Hackers infect users of antivirus service that delivered updates over HTTP

eScan AV updates were delivered over HTTP for five years.

https://arstechnica.com/security/2024/04/hackers-infect-users-of-antivirus-service-that-delivered-updates-over-http/?utm_brand=arstechnica&utm_social-type=owned&utm_source=mastodon&utm_medium=social

@arstechnica back in 2019 with @civilsphere / @stratosphere we sent reports to over 30 AVs showing how they were sending traffic unencrypted that could put people at risk. We showed how we could do injections in their apps. We got less than 5 answers. None accepted our report as valid.

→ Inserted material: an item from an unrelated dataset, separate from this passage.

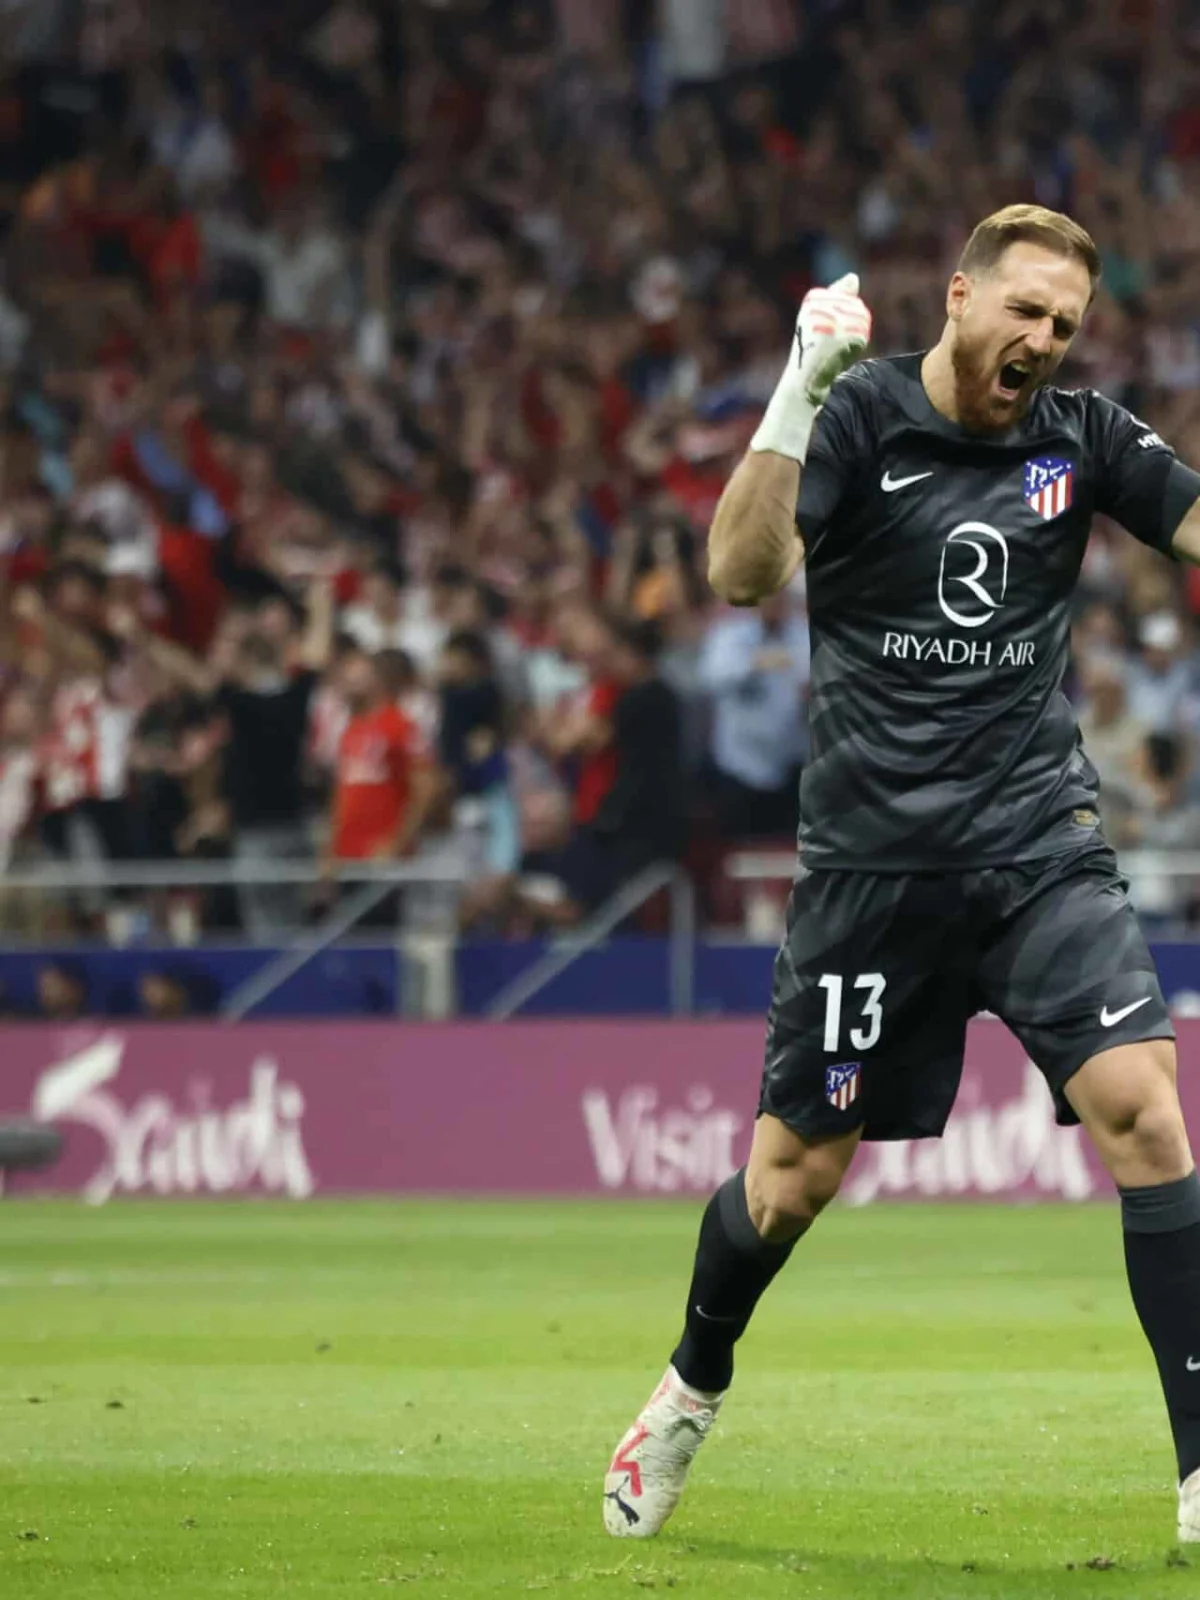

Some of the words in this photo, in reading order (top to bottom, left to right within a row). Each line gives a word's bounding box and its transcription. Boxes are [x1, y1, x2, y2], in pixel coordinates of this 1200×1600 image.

@verovaleros @civilsphere @stratosphere Do you have a link to share about this research? @arstechnica

@buherator @civilsphere @stratosphere @arstechnica It’s been a while so I will have to check.

@buherator @civilsphere @stratosphere @arstechnica

We presented in 2019 in some local conferences. And we talked about this with @eldraco at Ekoparty in 2022 (In Spanish, sorry): https://www.youtube.com/watch?v=uN0EVwWWMbs&t=32s

At some point we were keeping this list updated and we wrote some blogs but not on AVs:
https://www.civilsphereproject.org/research/mobile-applications-we-helped-improve

When we found the issues on the AVs apps, we wrote reports and send emails, and then we waited. Honestly we are a university research team and students come and go; eventually we moved on as it was too much work outside our 'core' research and teaching duties. We did it the right way, PDF reports with reproducibility and everything, and it was so much work. It was an exhausting season for us.

We still have the spreadsheet with all the issues we identified per AV.

@verovaleros @eldraco Interesting! I found that on desktop HTTP is often employed so TLS errors won't block updates (and traffic is often MitM'd anyway by perimeter security) and you can check file signatures (which eScan apprently didn't). I don't know much about MDM but this looks like a less reasonable choice on mobile.

@buherator @eldraco Yeah, we got about the same reasoning from a few of the vendors that answered. You want to ensure the AV always work, this is why also they do some DNS magic that triggers some alarms often in IDS/IPS. It is understandable up to some extent.